_TASK DESCRIPTION_. Transcribe the entries that follow exactly as they appear, minus pictures.

Saved data entries
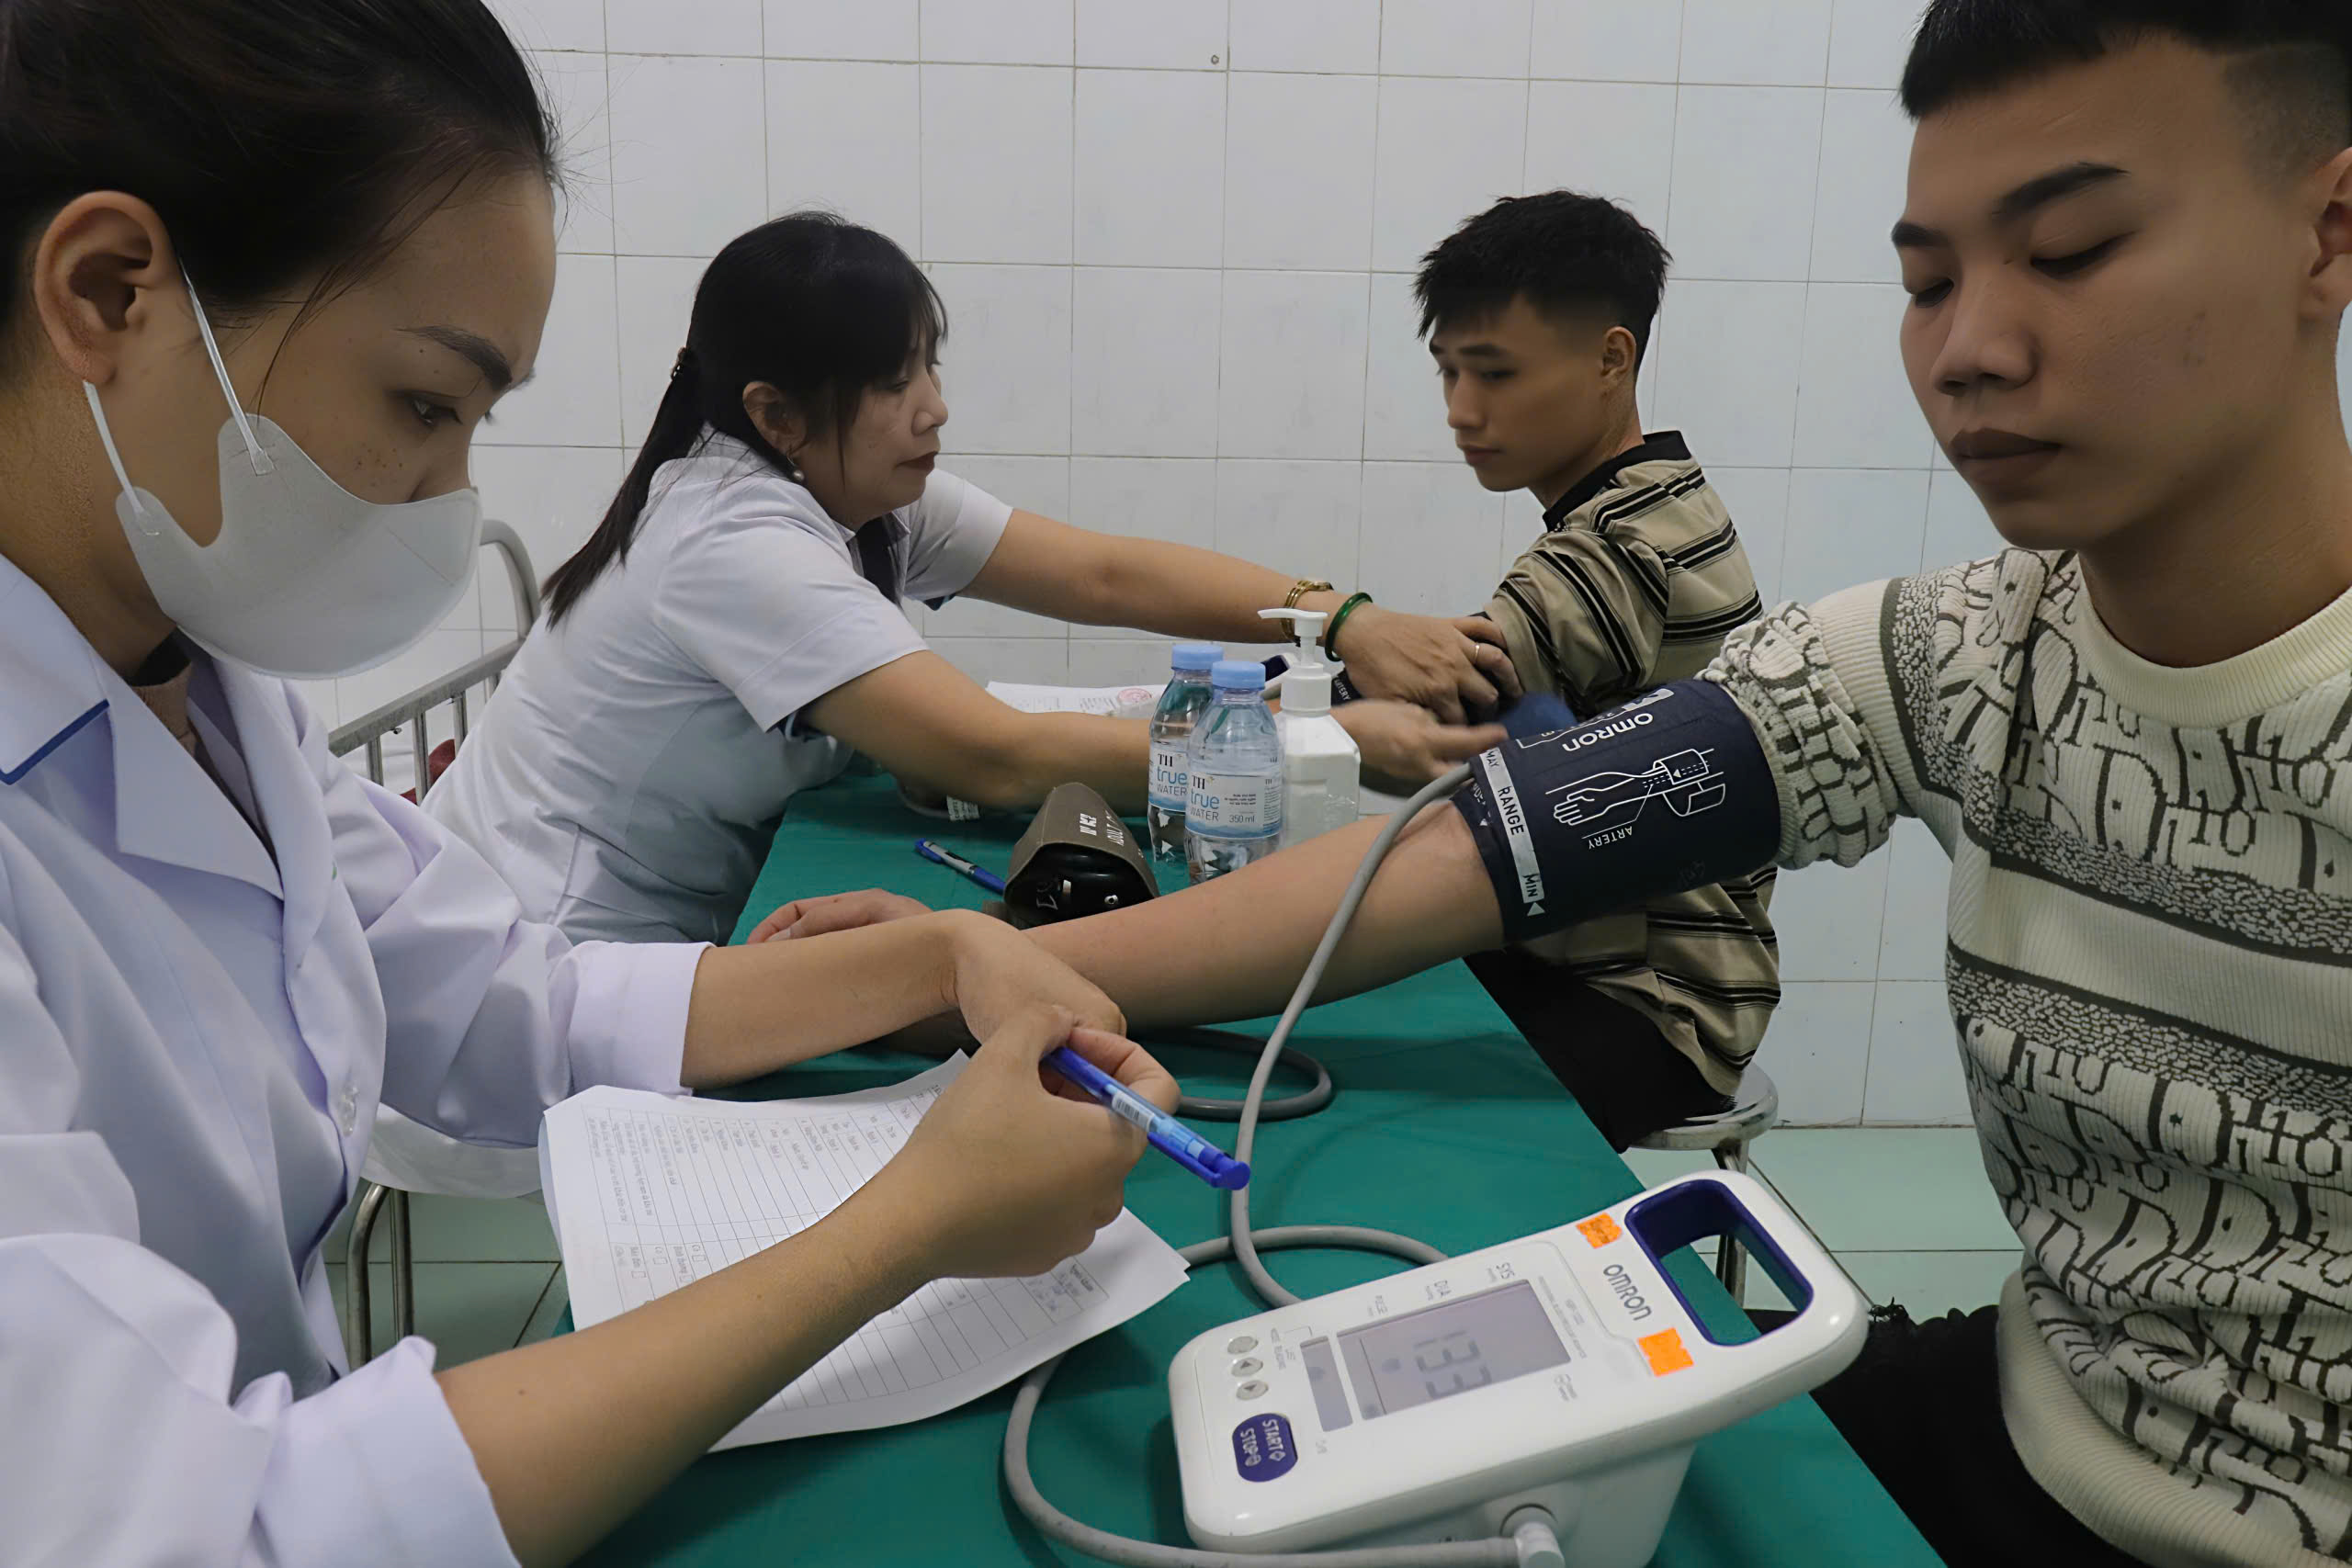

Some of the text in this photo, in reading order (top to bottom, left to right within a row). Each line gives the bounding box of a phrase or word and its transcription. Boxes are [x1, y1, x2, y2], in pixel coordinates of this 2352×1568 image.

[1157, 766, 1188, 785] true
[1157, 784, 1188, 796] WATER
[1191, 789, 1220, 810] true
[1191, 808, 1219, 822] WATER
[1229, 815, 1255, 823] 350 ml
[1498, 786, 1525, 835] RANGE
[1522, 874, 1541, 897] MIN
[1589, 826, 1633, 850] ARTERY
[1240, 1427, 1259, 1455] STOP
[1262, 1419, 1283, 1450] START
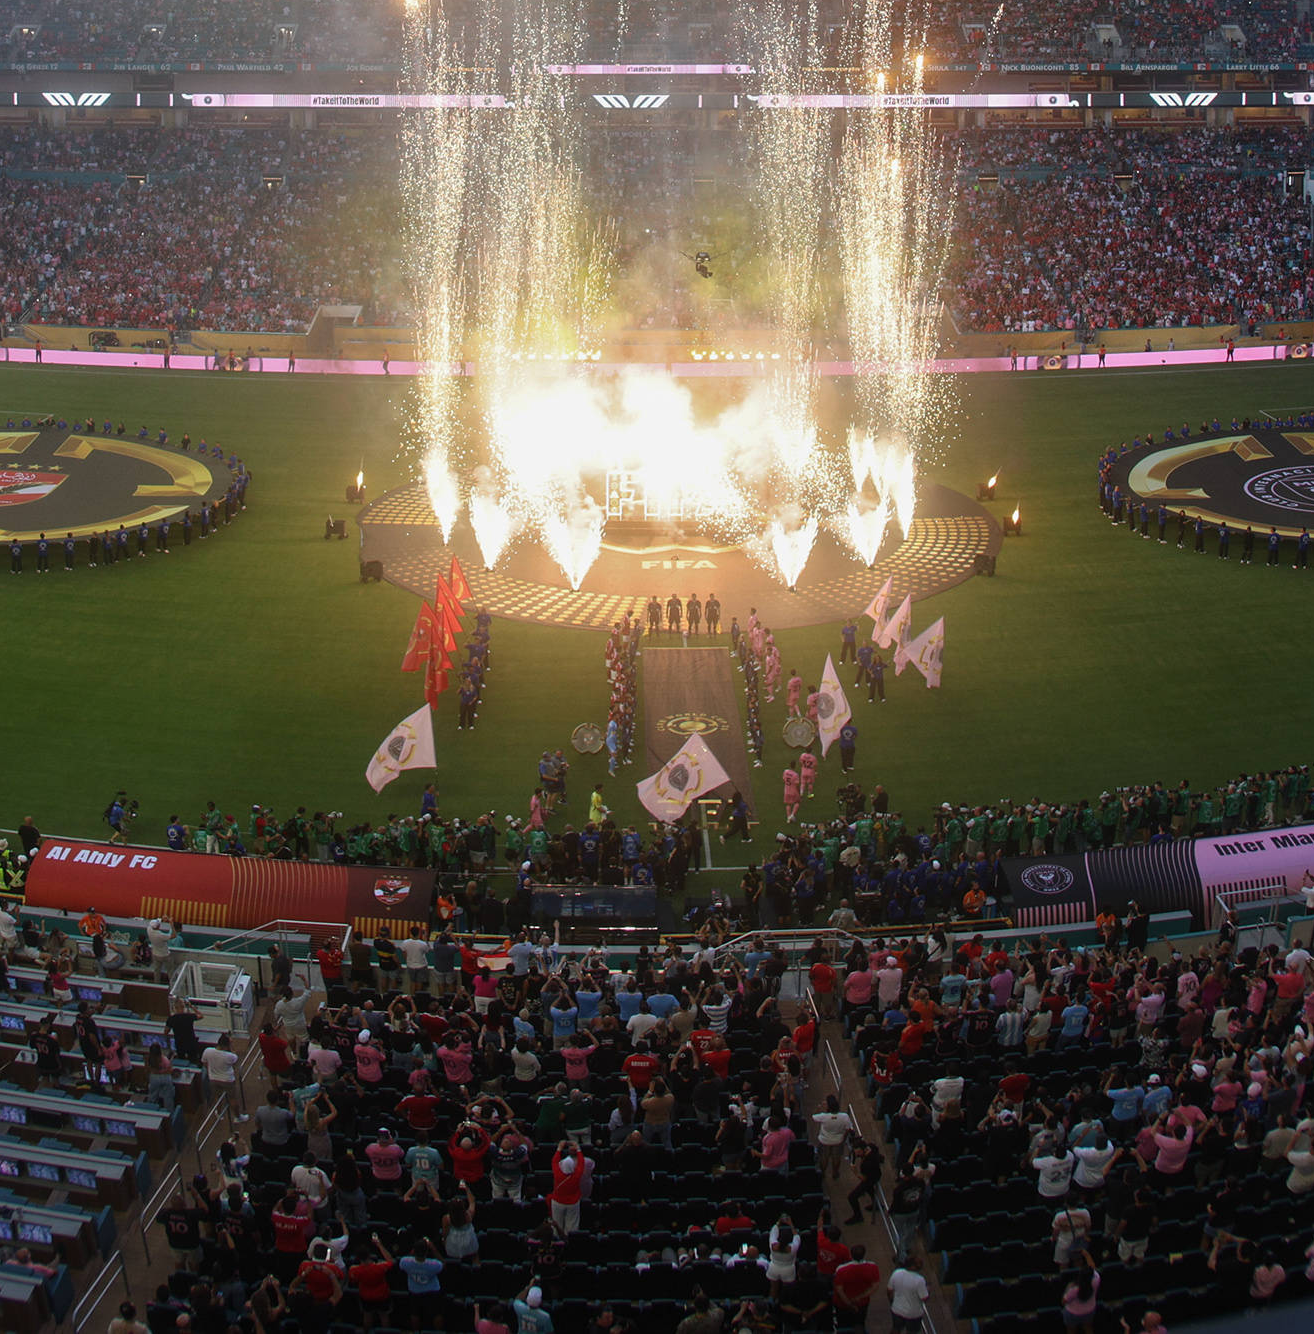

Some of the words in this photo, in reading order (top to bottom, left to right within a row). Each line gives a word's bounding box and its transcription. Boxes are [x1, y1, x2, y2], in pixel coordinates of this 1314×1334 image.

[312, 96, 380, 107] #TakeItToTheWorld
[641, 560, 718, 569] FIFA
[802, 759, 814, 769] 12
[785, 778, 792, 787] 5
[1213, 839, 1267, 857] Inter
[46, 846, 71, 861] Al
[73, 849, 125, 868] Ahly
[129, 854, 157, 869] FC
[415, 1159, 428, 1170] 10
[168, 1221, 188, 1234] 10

_ANSWER TO THE EXERCISE_.
Some of the text in this photo, in reading order (top to bottom, left to right within a row). Each line gives the bounding box of a phrase or word and its transcription. Boxes are [x1, y1, x2, y2], in pixel coordinates of this 2352×1568 image.

[1157, 766, 1188, 785] true
[1157, 784, 1188, 796] WATER
[1191, 789, 1220, 810] true
[1191, 808, 1219, 822] WATER
[1229, 815, 1255, 823] 350 ml
[1498, 786, 1525, 835] RANGE
[1522, 874, 1541, 897] MIN
[1589, 826, 1633, 850] ARTERY
[1240, 1427, 1259, 1455] STOP
[1262, 1419, 1283, 1450] START

Some of the words in this photo, in reading order (top to bottom, left to right within a row). Each line gives a word's bounding box and its transcription. Boxes are [x1, y1, x2, y2], in pixel coordinates of this 1314×1334 image.

[312, 96, 380, 107] #TakeItToTheWorld
[641, 560, 718, 569] FIFA
[802, 759, 814, 769] 12
[785, 778, 792, 787] 5
[1213, 839, 1267, 857] Inter
[46, 846, 71, 861] Al
[73, 849, 125, 868] Ahly
[129, 854, 157, 869] FC
[415, 1159, 428, 1170] 10
[168, 1221, 188, 1234] 10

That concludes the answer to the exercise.